"Really Big Shrimp" is a television special for the Nickelodeon sitcom Drake & Josh. The episode first aired on August 3, 2007, and was Nickelodeon's highest-rated television event at that time, with 5.8 million viewers.

Plot
At a music showcase at the Premiere movie theater, Drake (Drake Bell) performs his new song "Makes Me Happy" for a music deal from record producer Alan Krim (mentioned in the series' first television film) and he succeeds. While at Spin City Records, they agree to put Drake's song in a commercial for the Daka Shoe Company's "Air Puffs" line that will air during the Super Bowl. Meanwhile, Helen (Yvette Nicole Brown) is getting married to Buzz Baxter and, with many of her family members staying in her apartment, her grandmother Lula comes to stay at the Parker-Nichols home for a week, forcing Drake and Josh (Josh Peck) to share their room with Megan (Miranda Cosgrove) due to Lula staying in hers instead of the guest room (since Walter has a train set in the guest room as mentioned in "The Great Dohney"). In retaliation for this, Megan redecorates her brothers' room in a girly style, confines them to a single mattress in a corner with only a lamp and a football accompanying it, threatens to accuse them of vandalizing their neighbors' gazebo if they complain about this to their parents, and invites her friends to hang out with her in the room. To save money for her upcoming honeymoon, Helen makes a deal with Craig and Eric to videotape her wedding.

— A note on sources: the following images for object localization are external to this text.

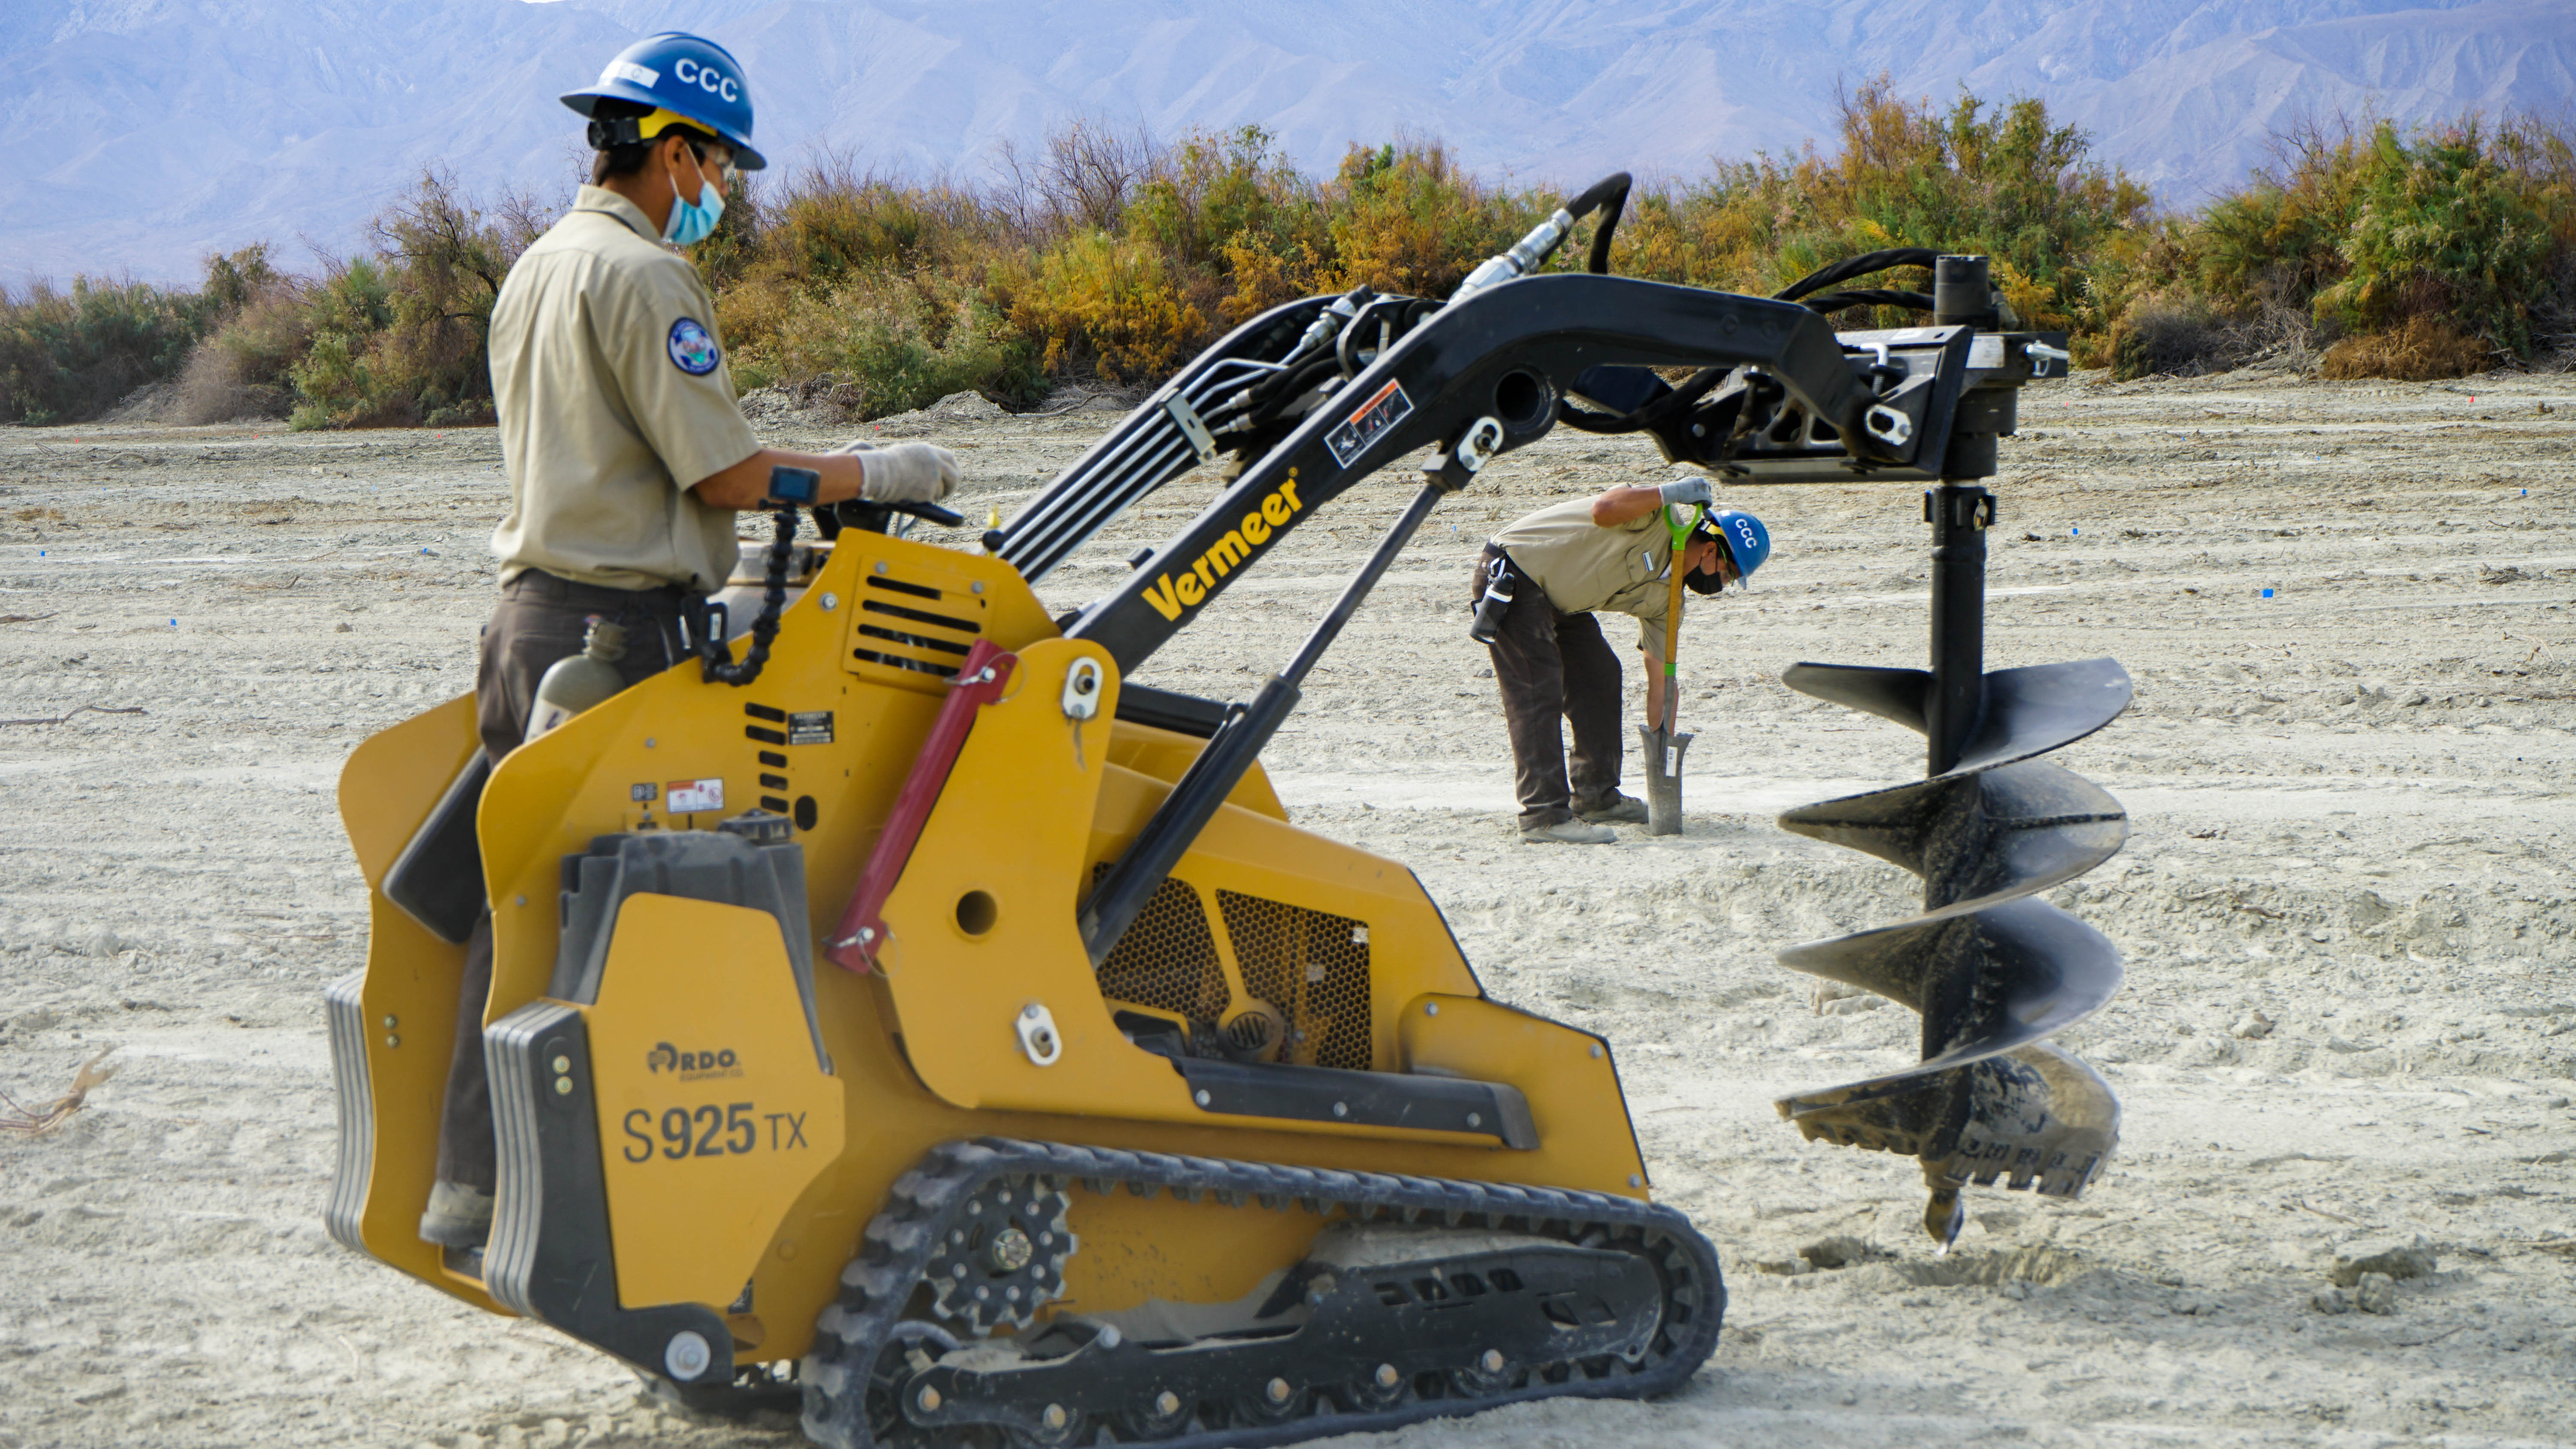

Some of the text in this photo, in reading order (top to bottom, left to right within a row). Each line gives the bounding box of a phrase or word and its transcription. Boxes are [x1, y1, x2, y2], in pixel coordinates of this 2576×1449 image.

[675, 58, 738, 103] CCC
[1141, 478, 1303, 622] Vermeer
[1735, 519, 1757, 549] CCC
[764, 1111, 808, 1151] TX
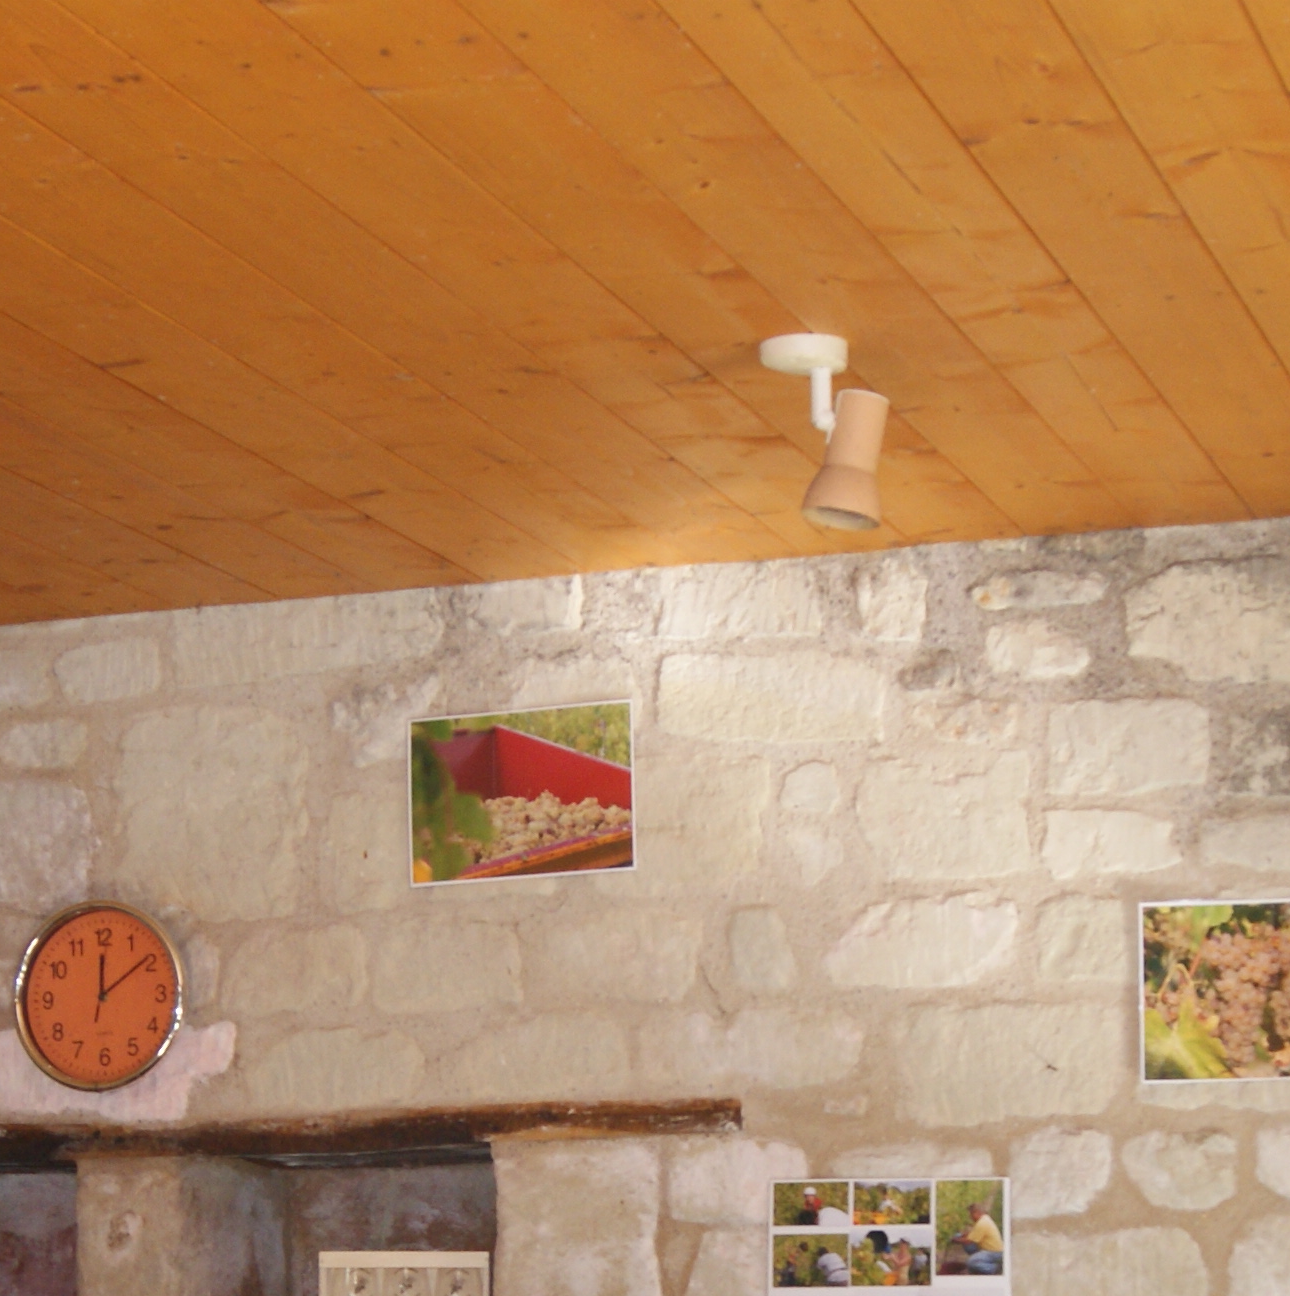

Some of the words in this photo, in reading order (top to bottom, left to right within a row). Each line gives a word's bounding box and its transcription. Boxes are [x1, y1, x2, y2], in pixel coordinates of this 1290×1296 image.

[95, 928, 112, 947] 12
[127, 935, 134, 951] 1
[69, 939, 84, 956] 11
[50, 961, 67, 980] 10
[145, 953, 156, 972] 2
[42, 991, 54, 1010] 9
[155, 984, 167, 1003] 3
[52, 1023, 64, 1041] 8
[147, 1017, 158, 1033] 4
[72, 1041, 83, 1058] 7
[127, 1038, 139, 1056] 5
[99, 1048, 111, 1066] 6

Helen then promotes the Premiere's latest employee and Josh's ex-girlfriend, Mindy Crenshaw (Allison Scagliotti), as its new assistant manager for fixing a corn dog rotisserie that Josh was unable to fix. Josh is distraught over not getting the position and accuses Mindy of constantly trying to do better than him, which she denies. While at the recording studio for Drake's song, Josh is given a contract from Krim to sign that he fails to read, as the company's served prawns distract him, and he inadvertently signs the creative rights to Drake's song away. An auto-tuned "bubblegum pop" remix of the song that Drake is not pleased with is soon developed by Krim. Learning about the contract and Josh's involvement in it, a furious Drake bitterly fires him as his manager for his blundering and attempts to get revenge on Krim as well as acting cold to Josh. While criticizing Josh for always playing by the rules, Drake tells him that, "when people play dirty, sometimes you have to play dirty back". 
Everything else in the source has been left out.